Given data ▸
-*-

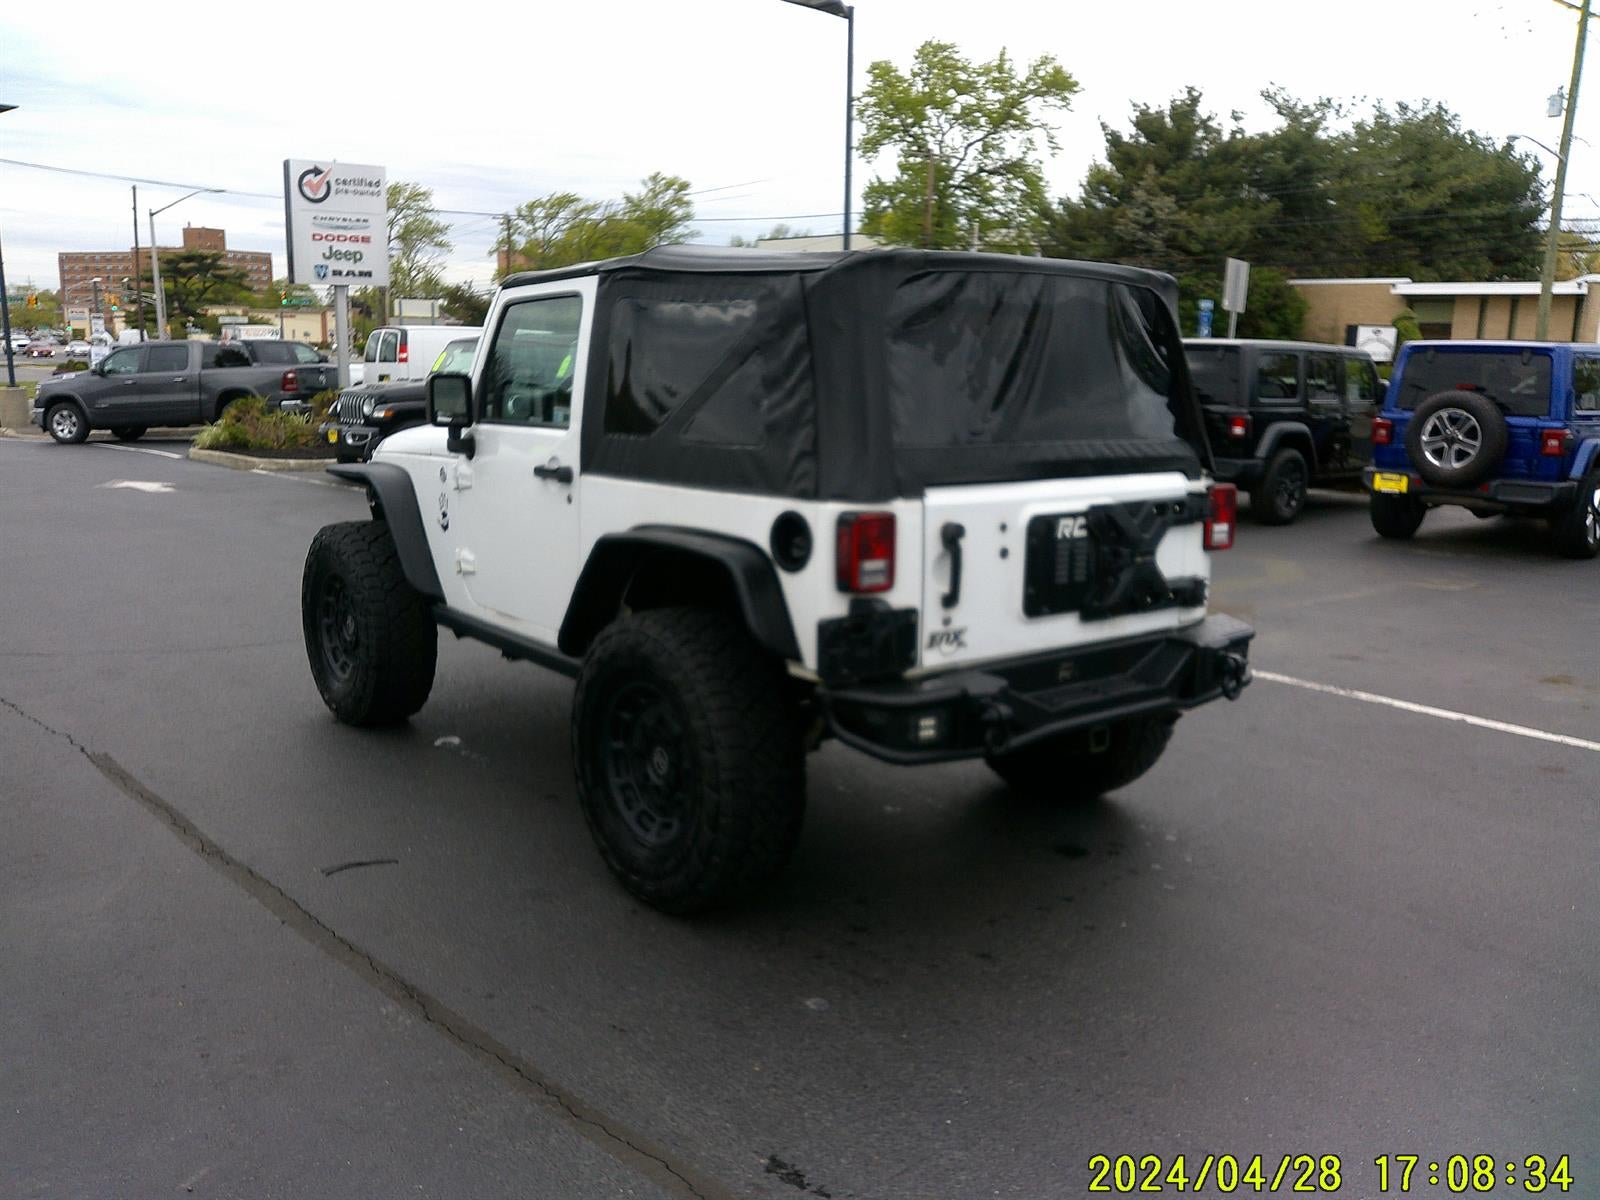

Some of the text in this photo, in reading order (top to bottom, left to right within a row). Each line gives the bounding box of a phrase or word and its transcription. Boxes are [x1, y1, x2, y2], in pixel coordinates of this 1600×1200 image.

[335, 178, 381, 188] certified
[312, 215, 369, 223] CHRYSLER
[312, 232, 371, 243] DODGE
[322, 245, 363, 264] Jeep
[331, 269, 373, 278] RAM
[1057, 515, 1088, 539] RC
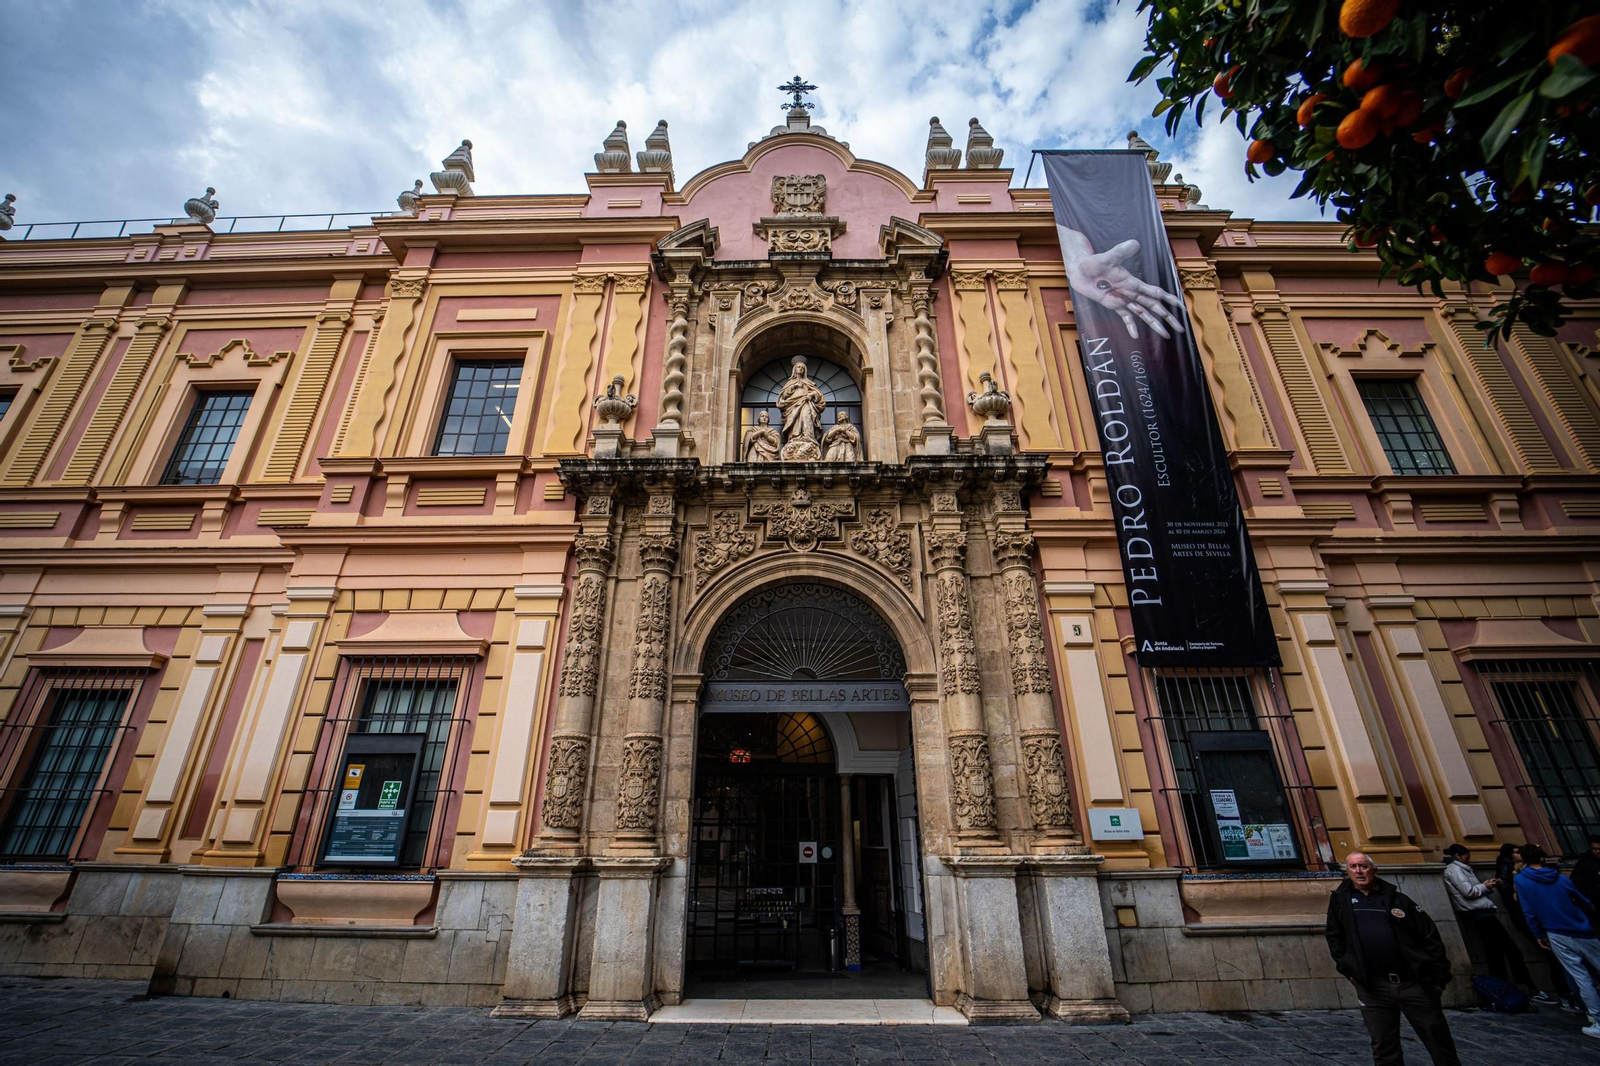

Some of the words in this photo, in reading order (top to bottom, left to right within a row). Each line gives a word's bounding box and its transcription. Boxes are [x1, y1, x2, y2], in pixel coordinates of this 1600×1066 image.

[1087, 336, 1135, 467] ROLDÁN
[1131, 350, 1154, 419] (1624/1699)
[1147, 422, 1171, 488] ESCULTOR
[1116, 484, 1162, 607] PEDRO
[710, 689, 761, 702] MUSEO
[766, 690, 786, 702] DE
[792, 689, 846, 702] BELLAS
[852, 688, 900, 700] ARTES
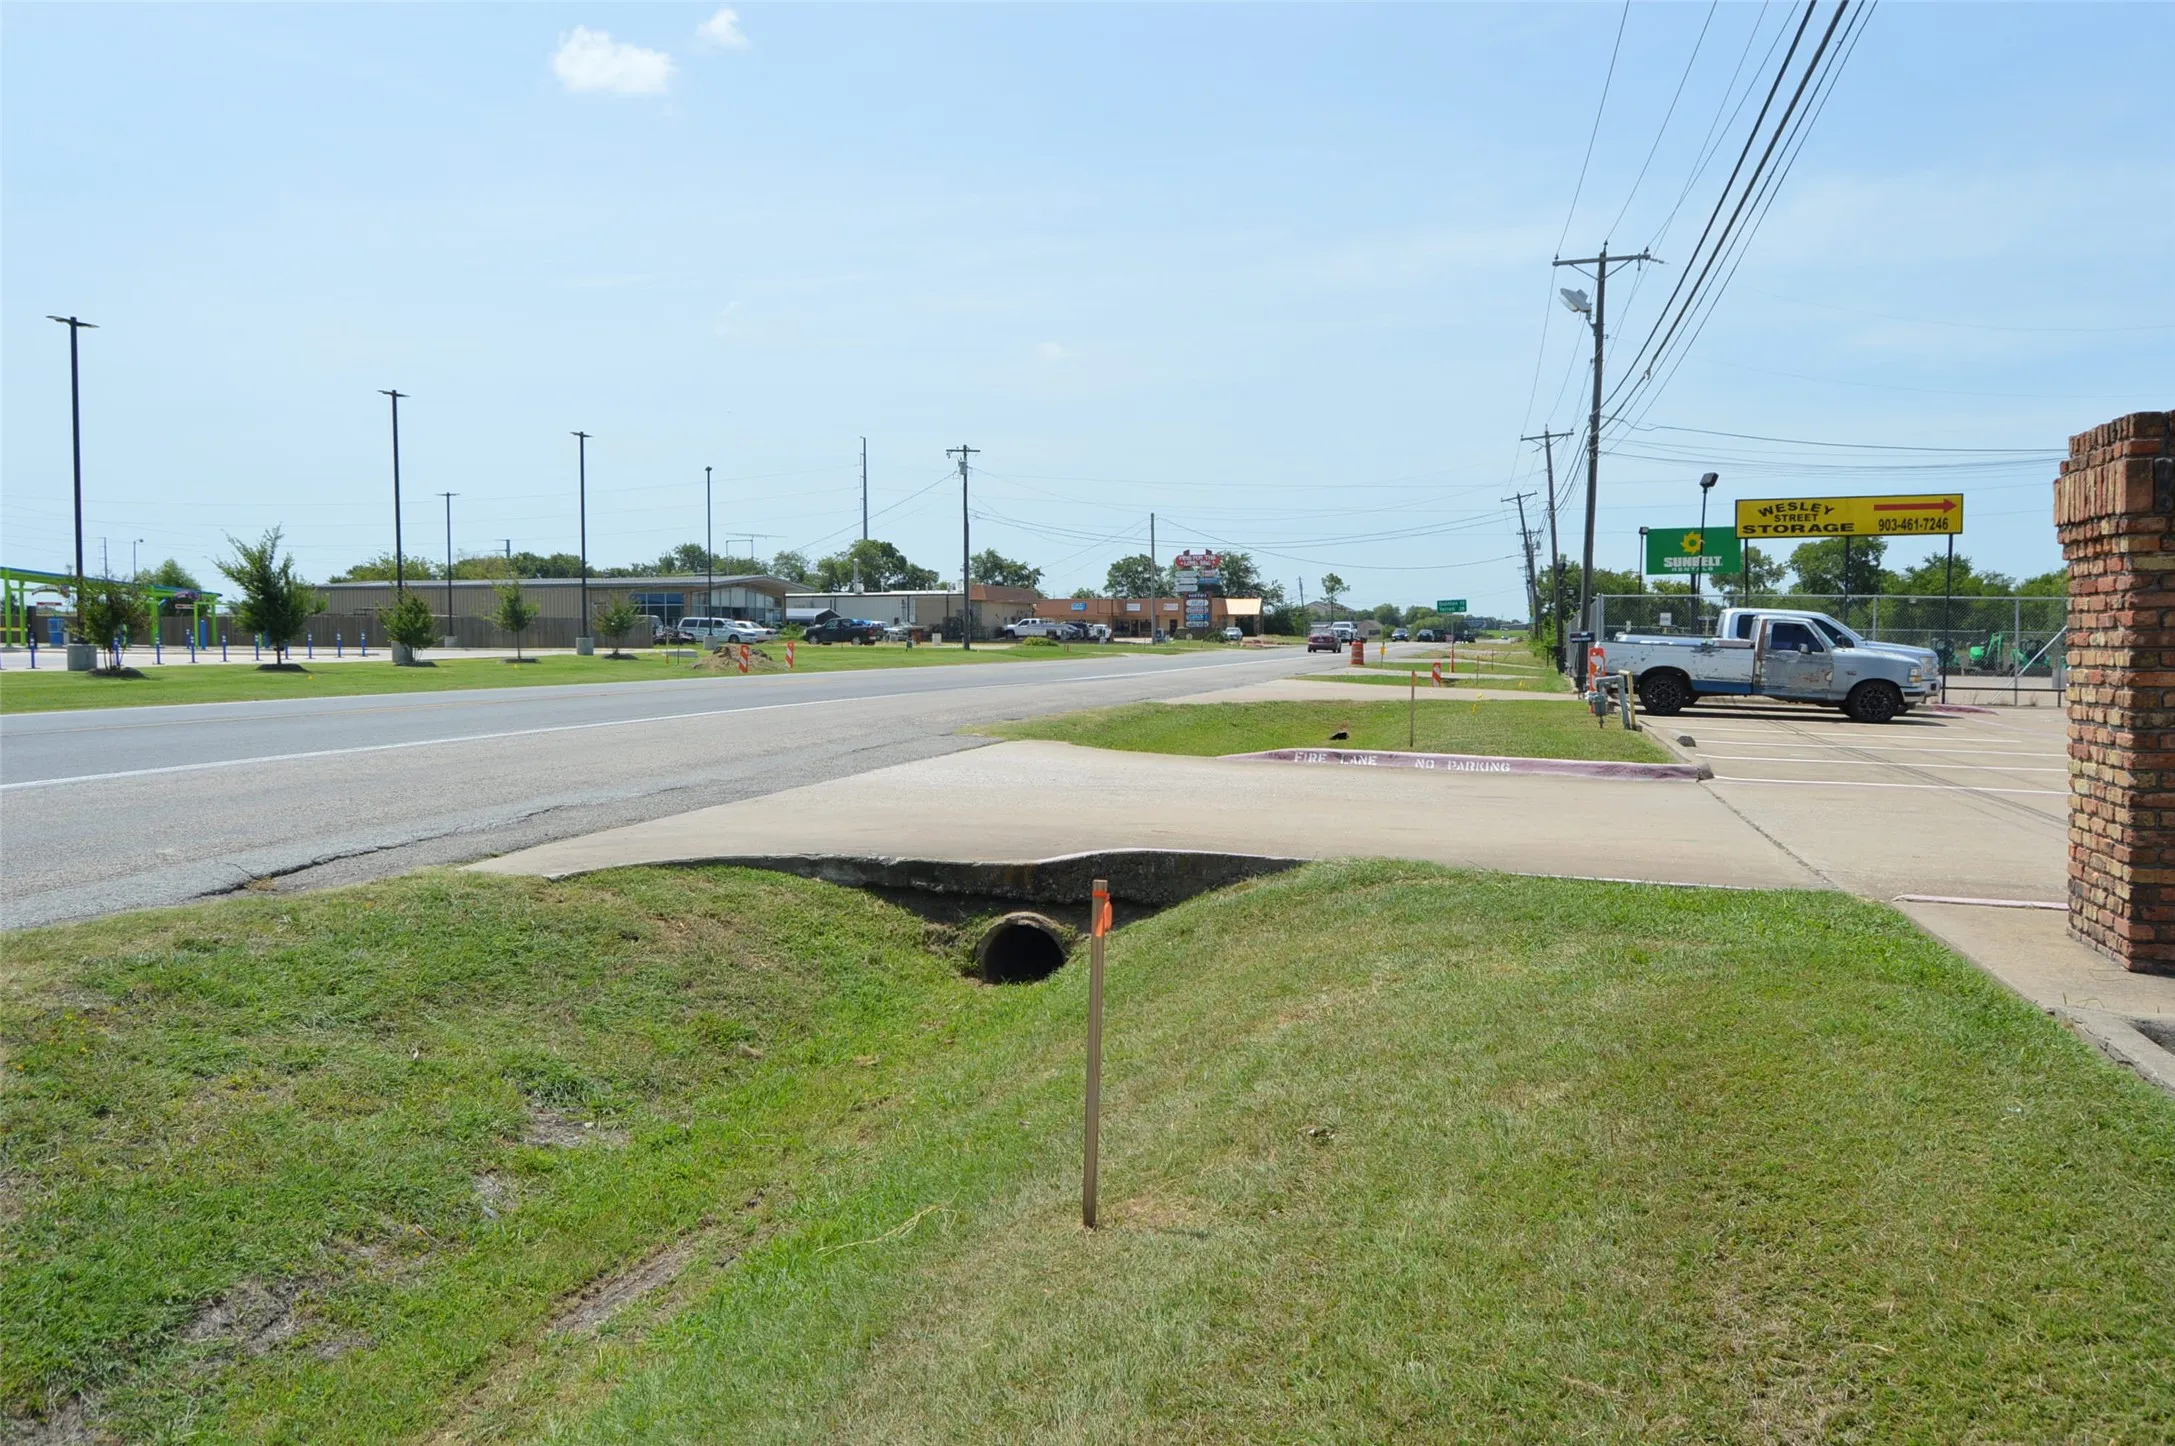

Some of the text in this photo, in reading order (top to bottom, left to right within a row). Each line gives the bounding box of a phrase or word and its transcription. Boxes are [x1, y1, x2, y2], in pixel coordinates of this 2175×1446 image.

[1758, 502, 1834, 517] WESLEY
[1774, 513, 1818, 522] STREET
[1878, 517, 1949, 531] 903-461-7246
[1742, 523, 1855, 534] STORAGE
[1663, 555, 1722, 568] SUNBELT
[1294, 752, 1511, 772] FIRE LANE NO PARKING

-*-

Work task ▸
Using the records above, output exactly the lines from the one containing "this 2175×1446 image." through the last line, and no others.

Solution ▸
Some of the text in this photo, in reading order (top to bottom, left to right within a row). Each line gives the bounding box of a phrase or word and its transcription. Boxes are [x1, y1, x2, y2], in pixel coordinates of this 2175×1446 image.

[1758, 502, 1834, 517] WESLEY
[1774, 513, 1818, 522] STREET
[1878, 517, 1949, 531] 903-461-7246
[1742, 523, 1855, 534] STORAGE
[1663, 555, 1722, 568] SUNBELT
[1294, 752, 1511, 772] FIRE LANE NO PARKING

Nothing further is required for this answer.